Intel to Create new 8th Generation CPUs with AMD Radeon Graphics with HBM2 using EMIB


Today we have an announcement out of left field. Intel has formally revealed it has been working on a new series of processors that combine its high-performance x86 cores with AMD Radeon Graphics into the same processor package using Intel’s own EMIB multi-die technology. If that wasn’t enough, Intel also announced that it is bundling the design with the latest high-bandwidth memory, HBM2.

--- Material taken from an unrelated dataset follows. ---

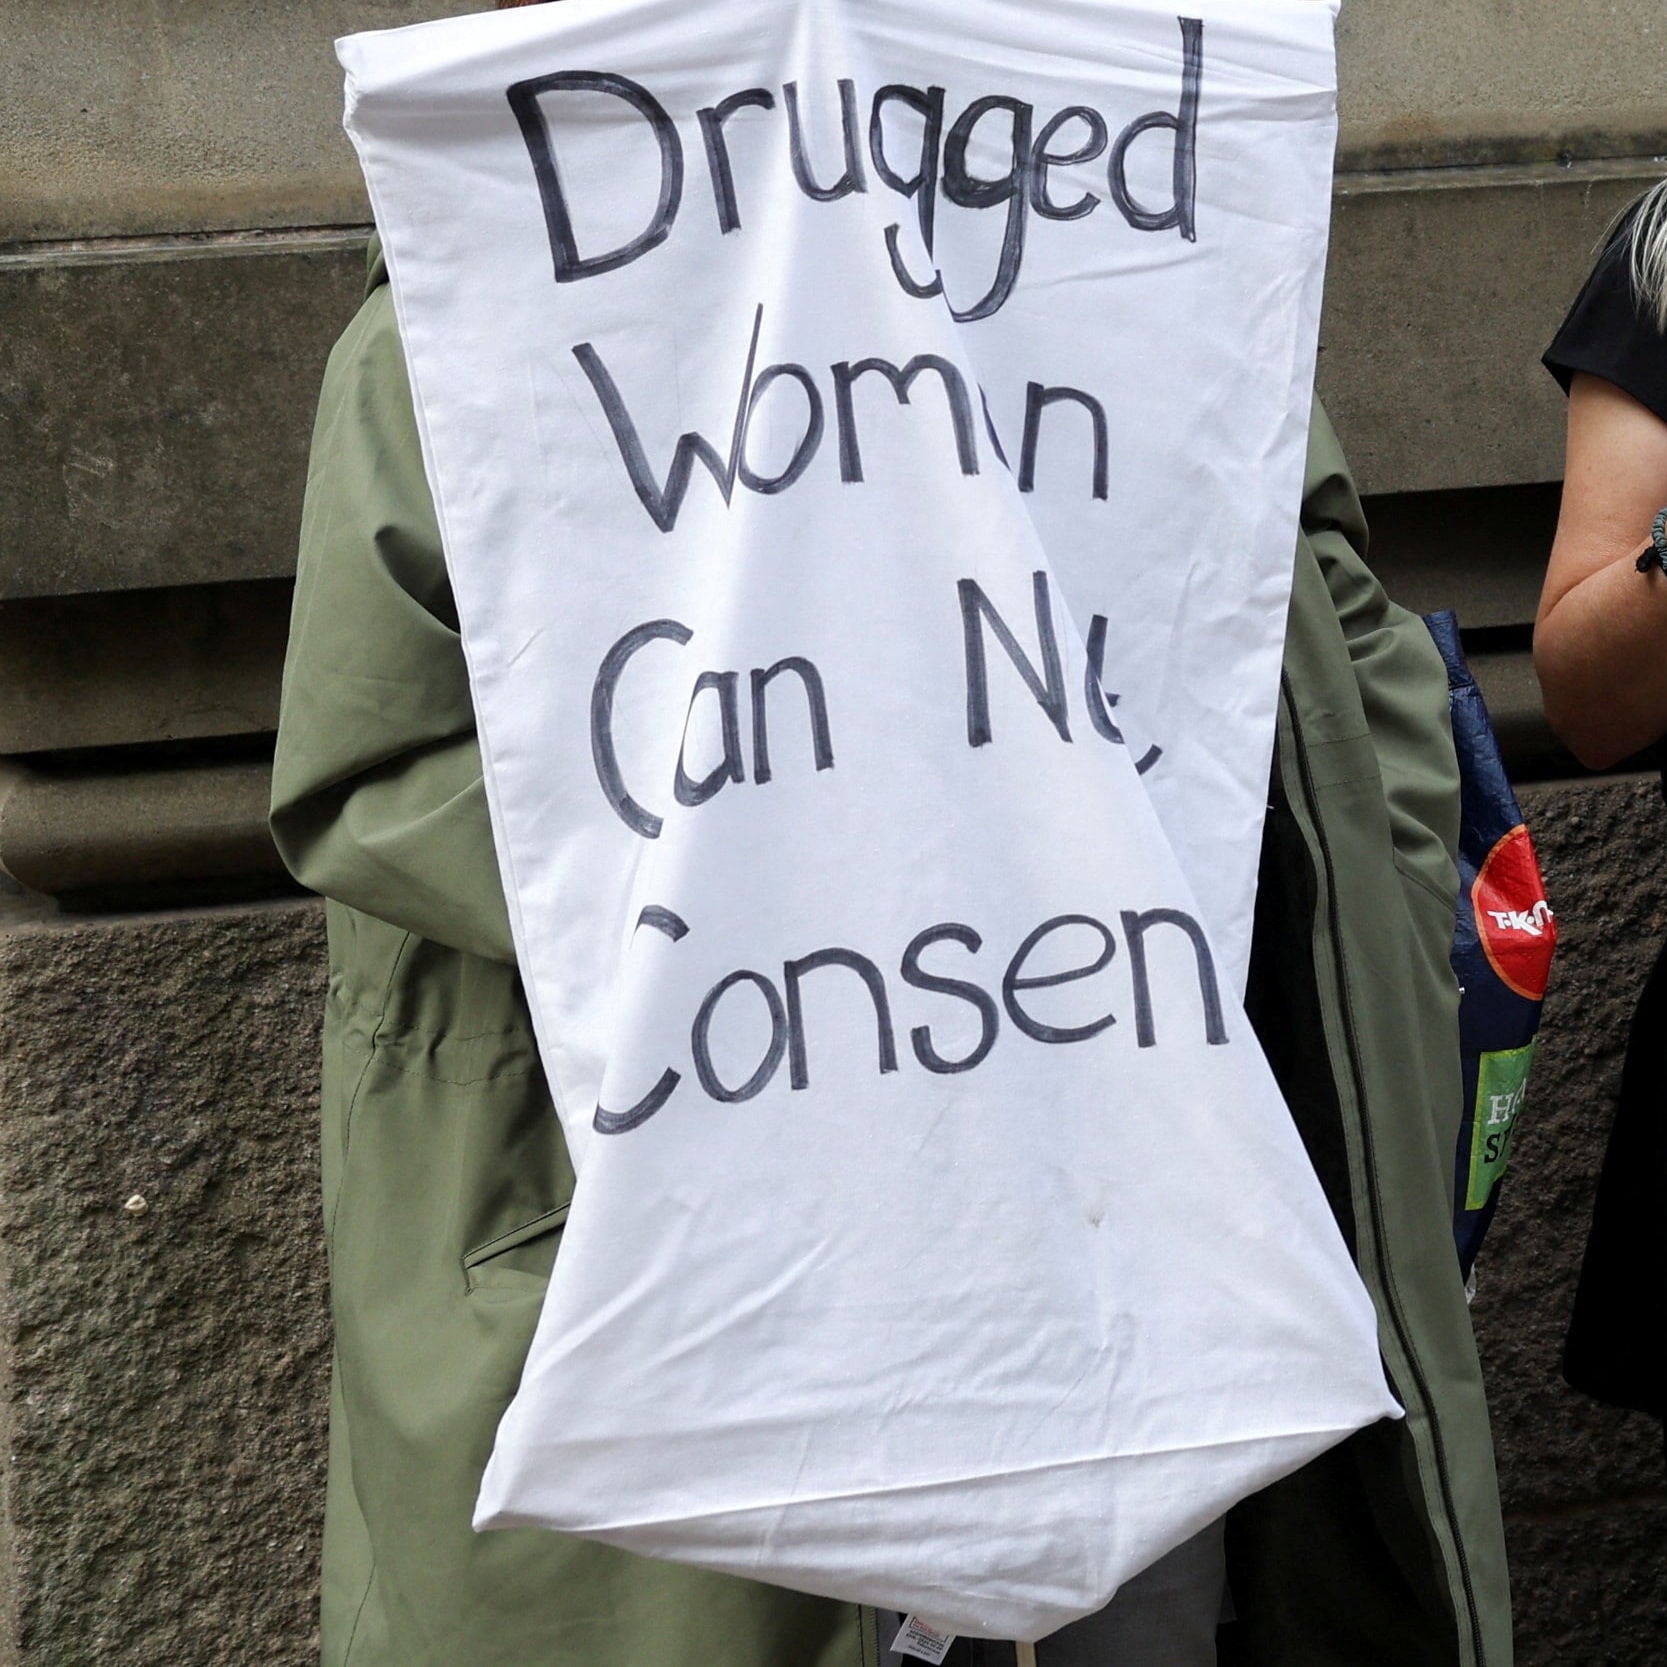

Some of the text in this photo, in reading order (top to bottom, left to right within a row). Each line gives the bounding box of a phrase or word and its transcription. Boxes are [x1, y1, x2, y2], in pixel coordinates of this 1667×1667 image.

Intel announced its EMIB technology over the last twelve months, with the core theme being the ability to put multiple and different silicon dies onto the same package at a much higher bandwidth than a standard multi-chip package but at a much lower cost than using a silicon interposer. At Intel’s Manufacturing Day earlier this year, they even produced a slide (above) showcasing what might be possible: a processor package with the x86 cores made on one technology, the graphics made in another, perhaps different IO and memory or wireless technologies too. With EMIB, processor design can become a large game of Lego.

EMIB came to market with the latest Intel Altera FPGAs. By embedding the EMIB required silicon design into the main FPGA and each of the chipsets, the goal was to add multiple memory blocks as well as data transfer blocks in a mix and match scenario, allowing large customers to have the design tailored to what they require. The benefits of EMIB were clear, without the drawbacks of standard MCP design or the cost of interposers: it would also allow a design to go beyond the monolithic reticle limit of standard lithography processes. It was always expected that EMIB would have to find its way into the general processor market, as we start to see high-end server offerings approaching 900 mm2 over multiple silicon dies in a single package.

Since the EMIB announcements, Intel’s Manufacturing Day, and Hot Chips, word has been circulating about how Intel is going to approach this from a consumer stand point. As part of the requirements of Intel’s own integrated graphics solutions, a 2011 cross-licensing deal with NVIDIA was in place – this deal was set to expire from April 1st 2017, and no mention of extending that deal was ever made public. A couple of rumors floated around that Intel were set to make a deal with AMD instead, as despite their x86 rivalry they were a preferred partner in these matters. Numerous outlets with connections in both AMD and Intel had difficulty prizing any information out. Historically Intel refuses to comment on such matters in advance. Other potential leaks include published benchmarks over at SiSoft, although nothing has been made concrete until today.